● REQUIREMENT: Write the records out exactly, so that no picture remains in the copy.

[Collected data]
------------------------------------

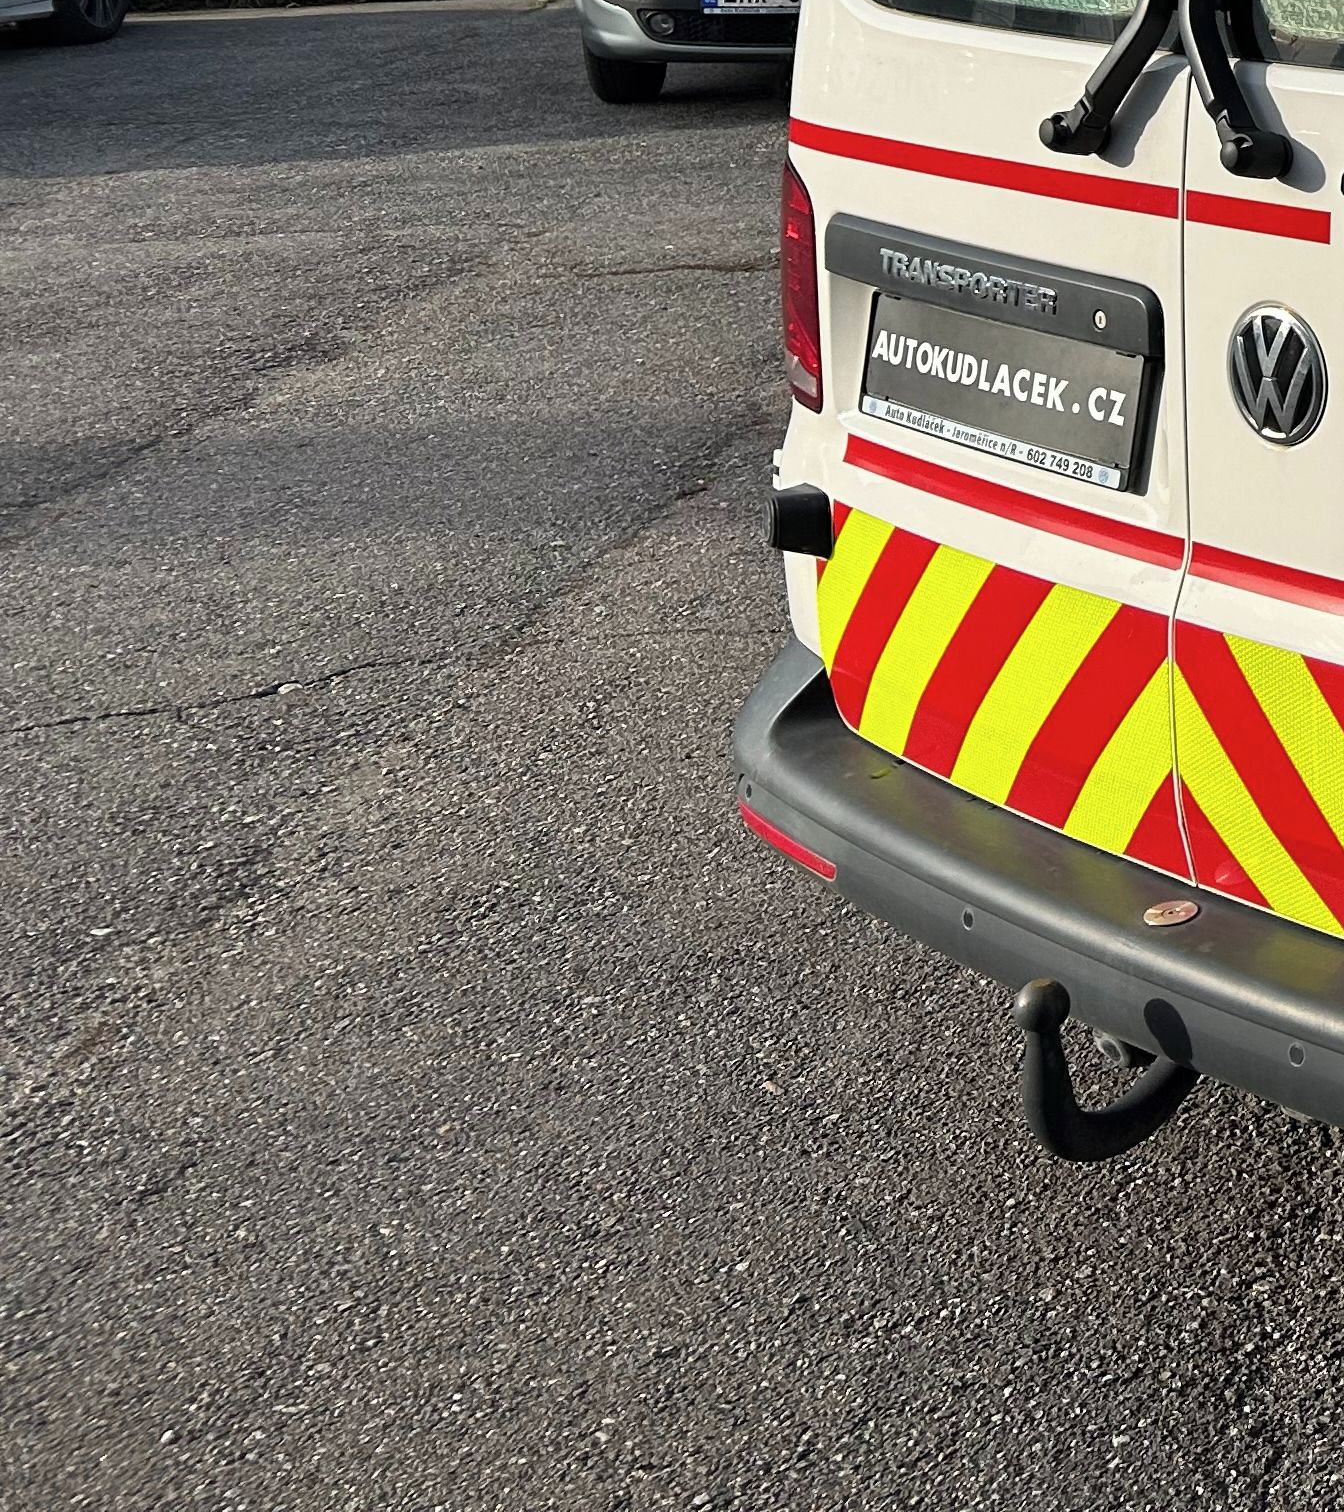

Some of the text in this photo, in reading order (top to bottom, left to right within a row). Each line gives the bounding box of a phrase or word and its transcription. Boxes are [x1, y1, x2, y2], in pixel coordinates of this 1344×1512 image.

[879, 247, 1058, 316] TRANSPORTER
[884, 404, 905, 422] Auto
[1026, 447, 1047, 466] 602
[1049, 454, 1071, 472] 749
[1071, 461, 1094, 479] 208
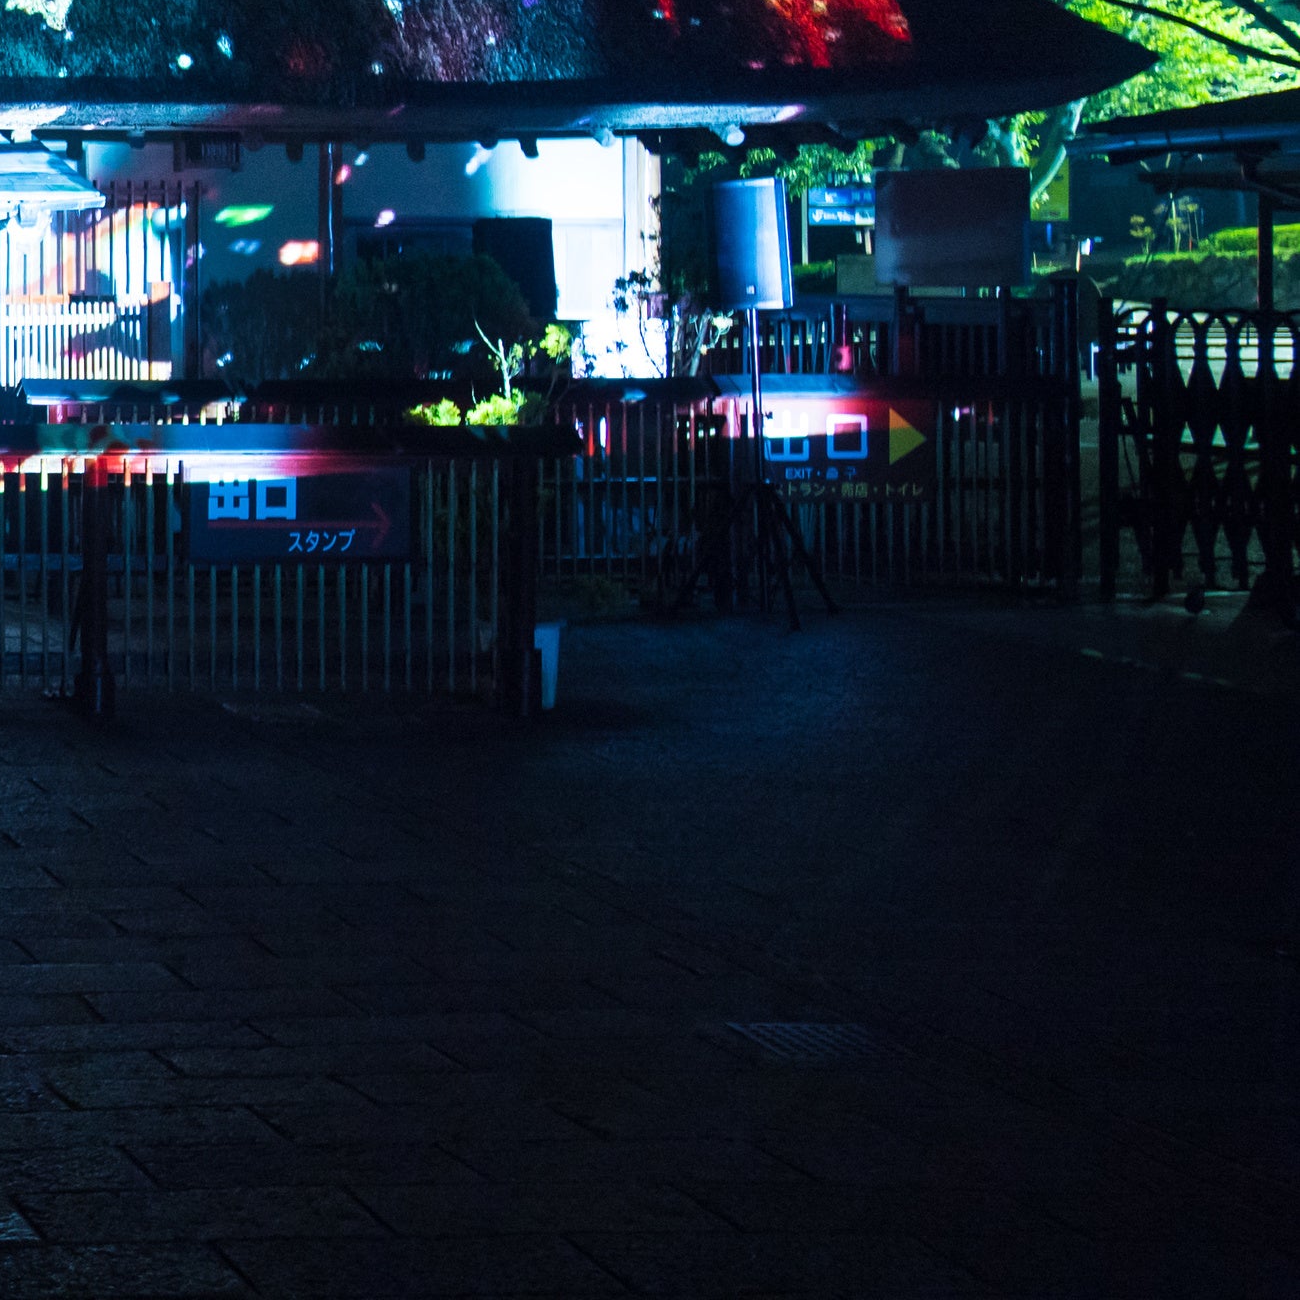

------------------------------------

● SOLUTION TO THIS TASK:
Some of the text in this photo, in reading order (top to bottom, left to right within a row). Each line gives the bounding box of a phrase or word and its transcription. Boxes are [x1, y1, x2, y2], in pixel coordinates of this 1344×1512 image.

[879, 247, 1058, 316] TRANSPORTER
[884, 404, 905, 422] Auto
[1026, 447, 1047, 466] 602
[1049, 454, 1071, 472] 749
[1071, 461, 1094, 479] 208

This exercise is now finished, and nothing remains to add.